Coffee was bought green, recently picked, unroasted, at an open air market in downtown Bogota. The maid and cook made a huge shopping trip every Friday morning before they went to mass. They'd buy coffee, plaintains, maybe a live chicken, pork or beef, rice, oil, sugar, whatever fruit was in season, potatoes, onions, herbs, flour, several bags of oranges and other citrus, and whatever else Leonilde, the cook, thought would make good soups, entrees, snacks or desserts during the week. Eggs were bought from a little tienda (store) across the street, as were occasional postres (little desserts), dulces (candies, which my uncle loved), milk and cream. The shopkeeper kept chickens for eggs and sold them to neighbors, and she had a reliable purveyor of fresh milk, butter and cream and curds. This didn't taste like the homogenized milk US residents are used to. It was pasteurized, but it had a totally different taste. I kind of went off milk most of the time I lived there unless it had been heated and added to coffee, but I fell in love with cheese for the first time in my life. All the cheese made in that country was delicious, fresh or heavily aged, sharp or mild.
Every bite of food I had in Colombia over 2 years tasted out of this world because I could have it with coffee. FRESH coffee. Tintos (little espressos), tazas with milk, iced with a slice of lemon on the rim of the glass, if I wanted.
Rosa and Leonilde would by 8 kilos of coffee beans every week. That purchase took more time than all the others. They'd walk from vendor to vendor, eyeing the green beans, tasting a roasted bean which the vendor had roasted from each pile in which they were interested, haggling over pesos and watching with eagle eyes to be sure they got every gram of beans they paid for, before they were bagged.

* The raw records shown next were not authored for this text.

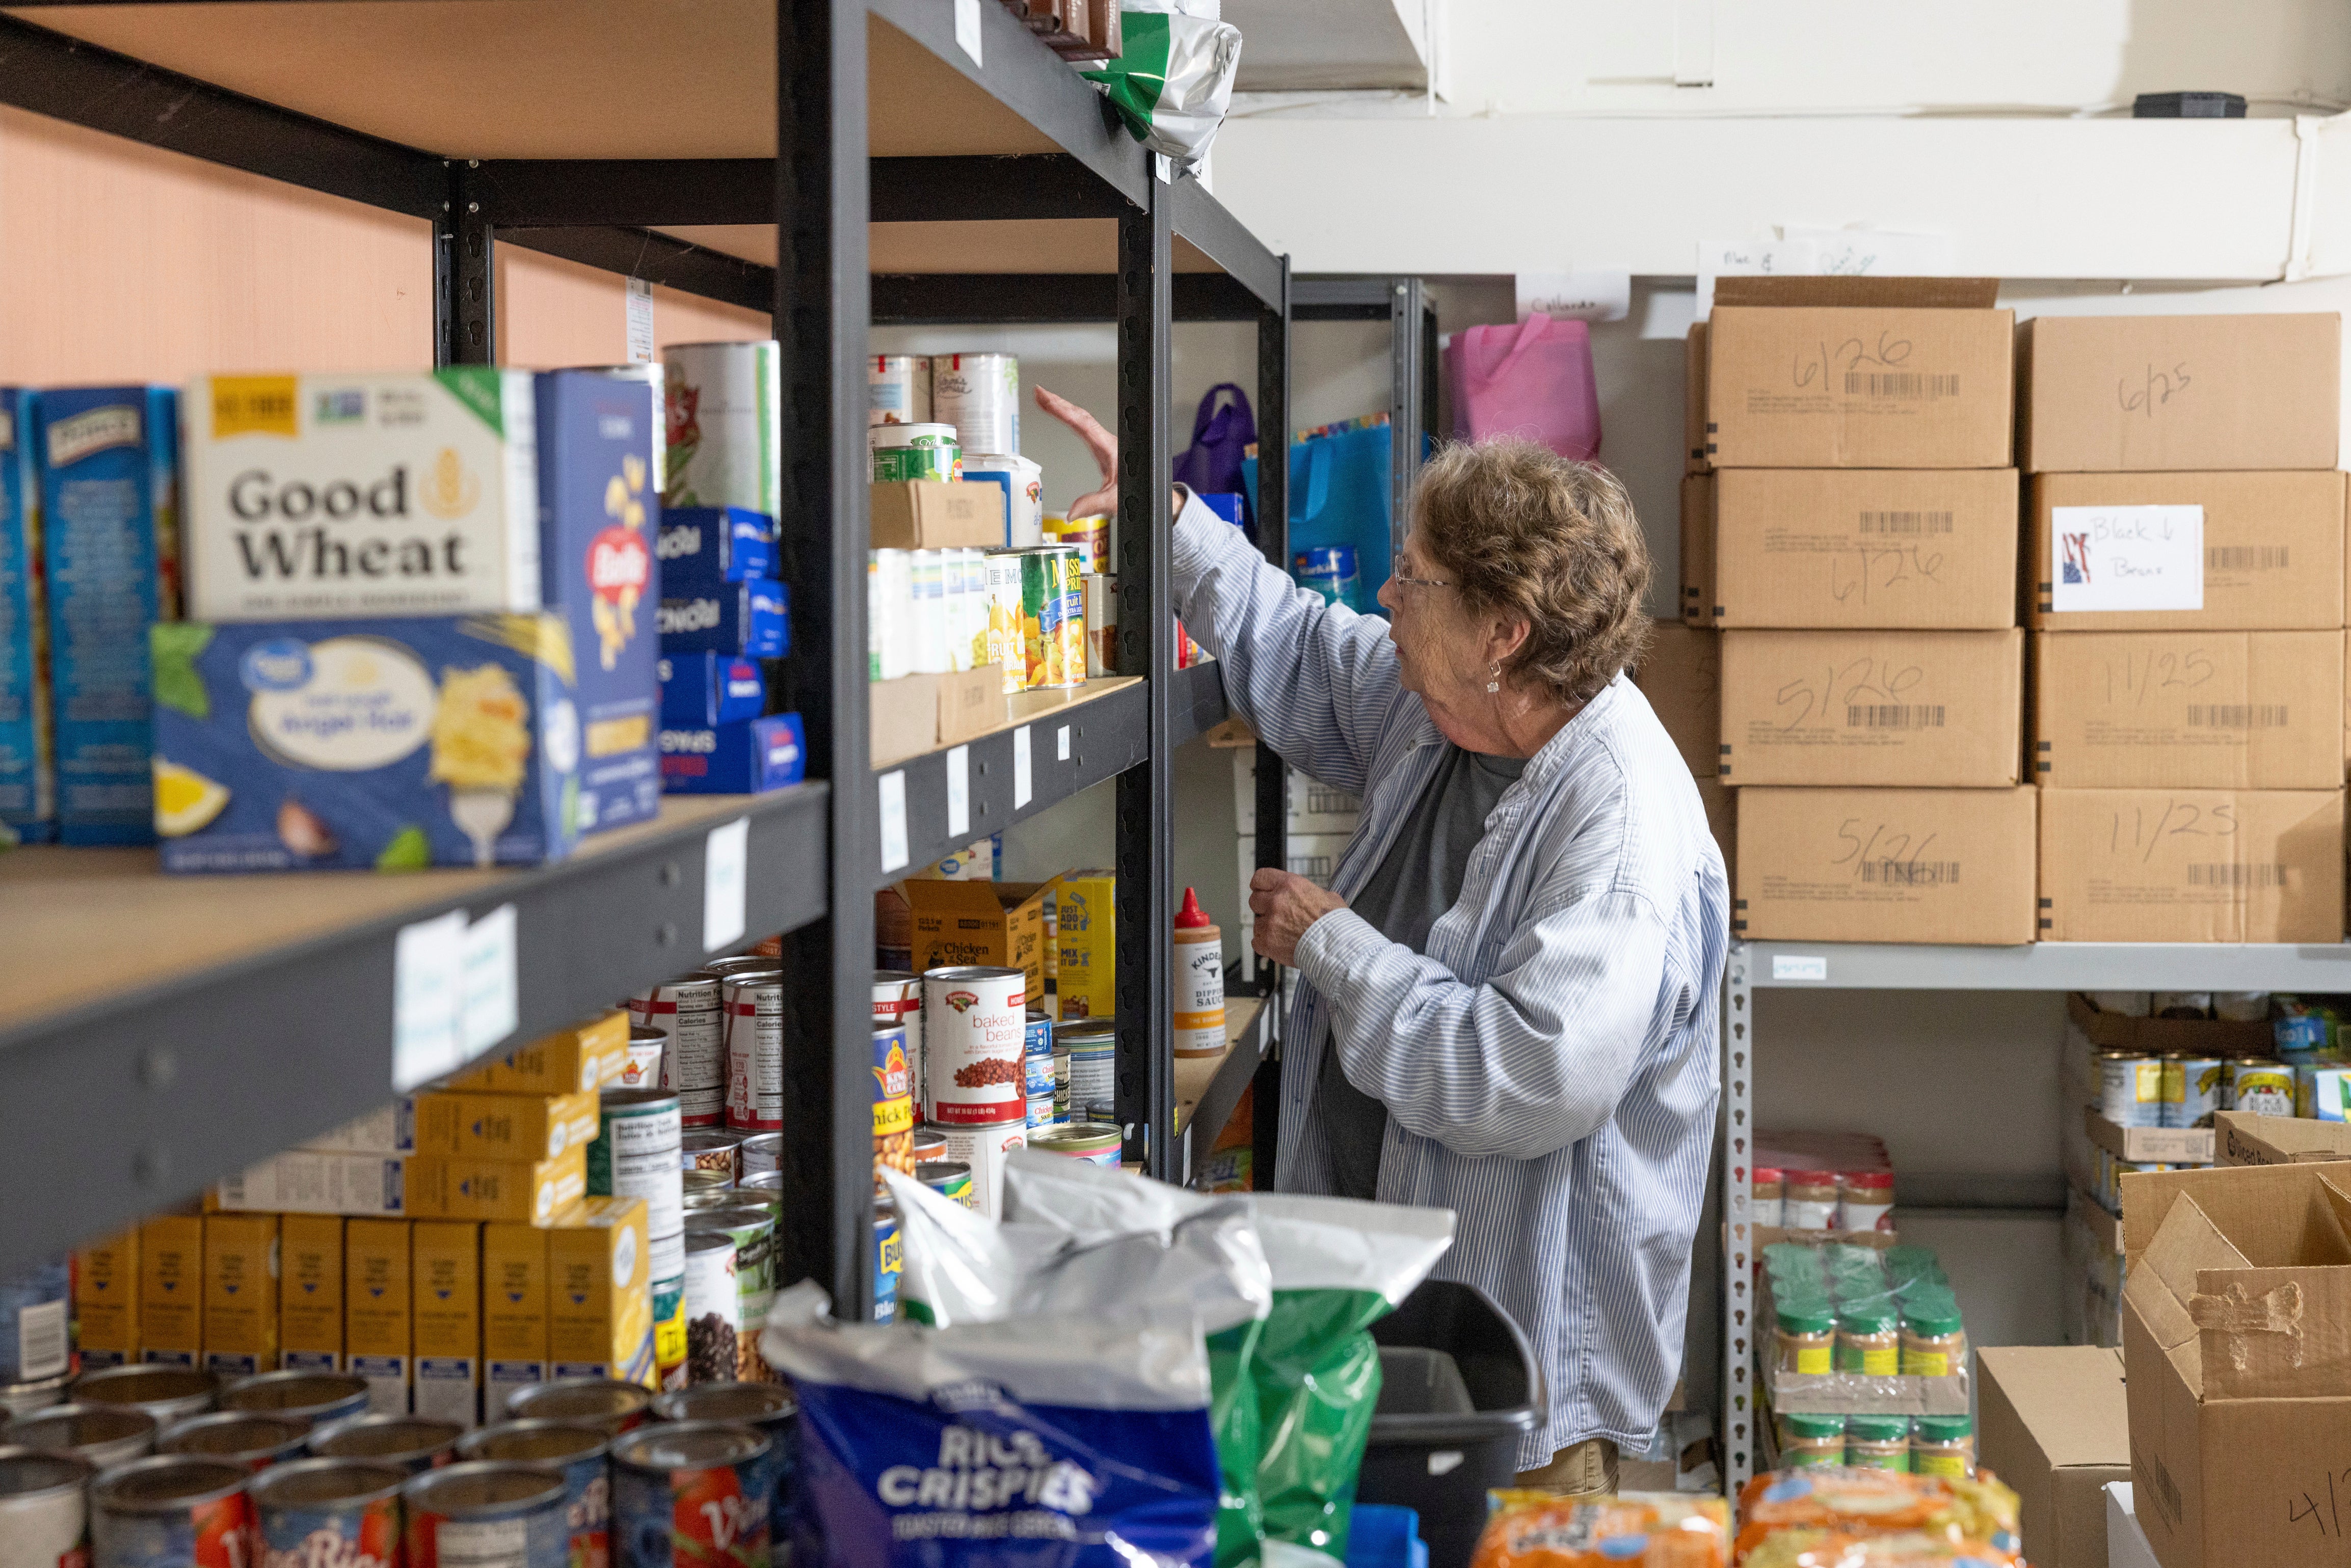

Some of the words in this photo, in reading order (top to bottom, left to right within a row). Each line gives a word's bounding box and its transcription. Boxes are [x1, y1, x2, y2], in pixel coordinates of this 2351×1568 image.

[230, 466, 408, 522] Good
[2092, 517, 2151, 542] Black
[235, 526, 466, 580] Wheat
[1051, 558, 1081, 588] MISSI
[659, 729, 716, 753] SPAG
[2112, 798, 2239, 863] 11/25
[944, 942, 990, 957] Chicken
[955, 954, 977, 965] Sea
[678, 990, 711, 999] Nutrition
[1195, 987, 1223, 998] DIPPIN
[1196, 995, 1224, 1007] SAUC
[872, 1003, 895, 1013] STYLE
[973, 1012, 1014, 1029] baked
[986, 1027, 1021, 1042] beans
[1053, 1089, 1071, 1102] CHICKE
[877, 1461, 1093, 1515] CRISPIES
[2289, 1467, 2351, 1537] 4/

They'd bring them home, put the roaster over a burner on the stove and roast a half kilo to a kilo at a time, hand cranking the beans as they cooked in the roaster until Leonilde's nose pronounced them done -- then they'd dump them on a cookie sheet to cool a bit. Coffee was ground by hand in a metal bur crank grinder as it was used. Thus, whether one was having tintos or they were making an entire drip pot of coffee (they didn't perk it, Leonilde said that ruined good coffee) for service for the family (including Rosa and Leonilde), What one got was roasted that morning, ground just before it was prepared, and it was smooth as silk, piquant as a good wine, smelled like heaven, never bit one's tongue, never left a nasty aftertaste, was never too weak or too strong. It had a slight kick to it, but it never left one's nerves jangling, refreshed one after a long day of housework, school work or office work.

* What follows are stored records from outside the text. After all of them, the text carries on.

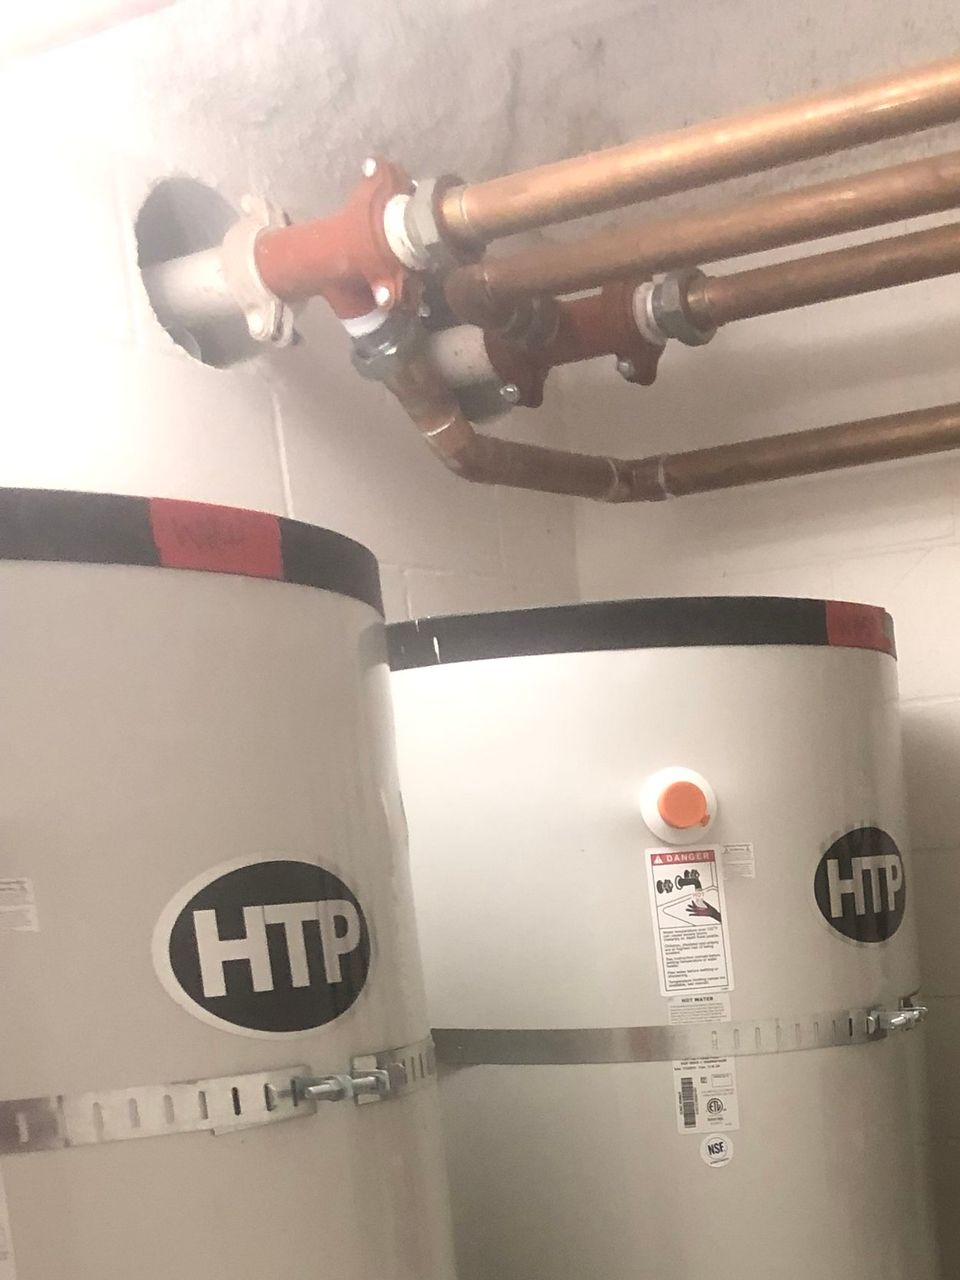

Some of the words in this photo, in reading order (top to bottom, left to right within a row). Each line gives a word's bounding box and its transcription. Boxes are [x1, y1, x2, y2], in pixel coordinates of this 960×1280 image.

[666, 852, 710, 862] DANGER
[827, 855, 902, 918] HTP
[193, 899, 361, 998] HTP
[707, 1141, 724, 1155] NSF
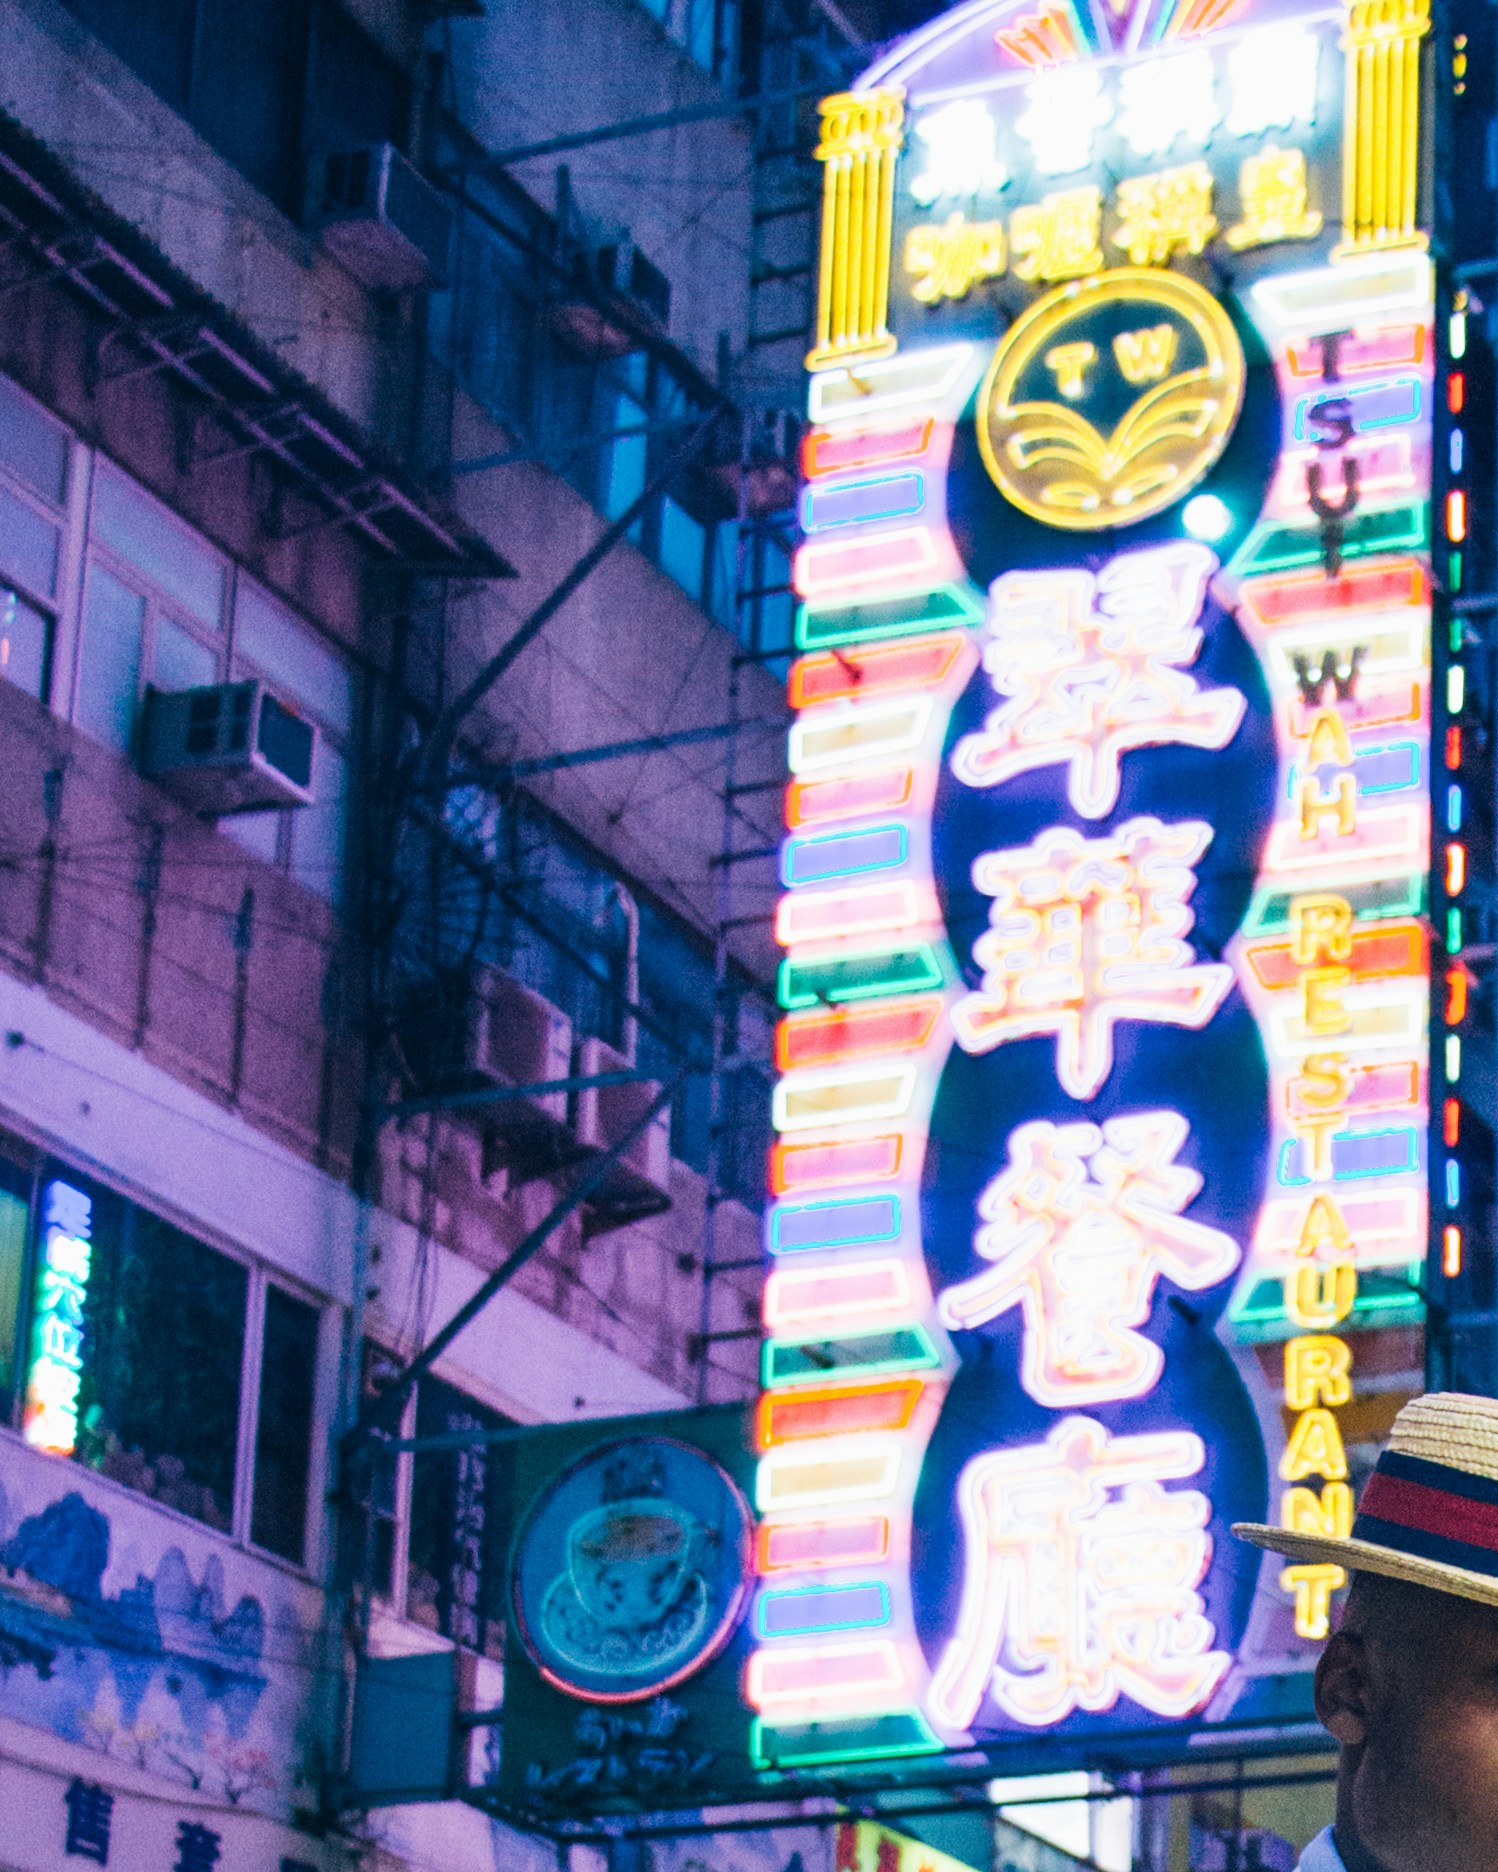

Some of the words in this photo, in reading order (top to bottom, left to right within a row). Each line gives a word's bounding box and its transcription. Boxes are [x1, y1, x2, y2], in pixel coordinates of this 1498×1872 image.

[1293, 645, 1367, 840] WAH
[929, 540, 1248, 1731] 翠華餐廳
[1280, 894, 1358, 1641] RESTAURANT

My aunt and uncle and the maids drank tintos all day long. I had my cafe con leche in the morning, fueled up on drip coffee from my thermos at noon and the minute I got off the bus from school and walked the block home, I'd zoom into the kitchen and sit with the maids and talk while Rosa or Leonilde made us all three tintos and told me about the day in the neighborhood and house and I'd tell them about my day in school.
Dinner wasn't until 8:45 p.m. so a few hours later while I was doing homework, Rosa would pop in with another tinto. I drank water with dinner, had tinto or two after dinner and finished my homework, and I still slept like a baby. Coffee didn't keep me up. However it did perk me up.
My aunt smelled like coffee beans when she stepped out of the shower every morning, before she put on lotion or clothes. The house smelled of coffee just faintly, all the time.
To this day, when I smell coffee, I think of my aunt and uncle's house in Bogota. When I think of Colombia, I can smell coffee. When I dream of Colombia I wake up and expect to smell coffee, the dreams are still so intense.
I'll never return, but I still dream of Colombia. The dream will always smell of coffee.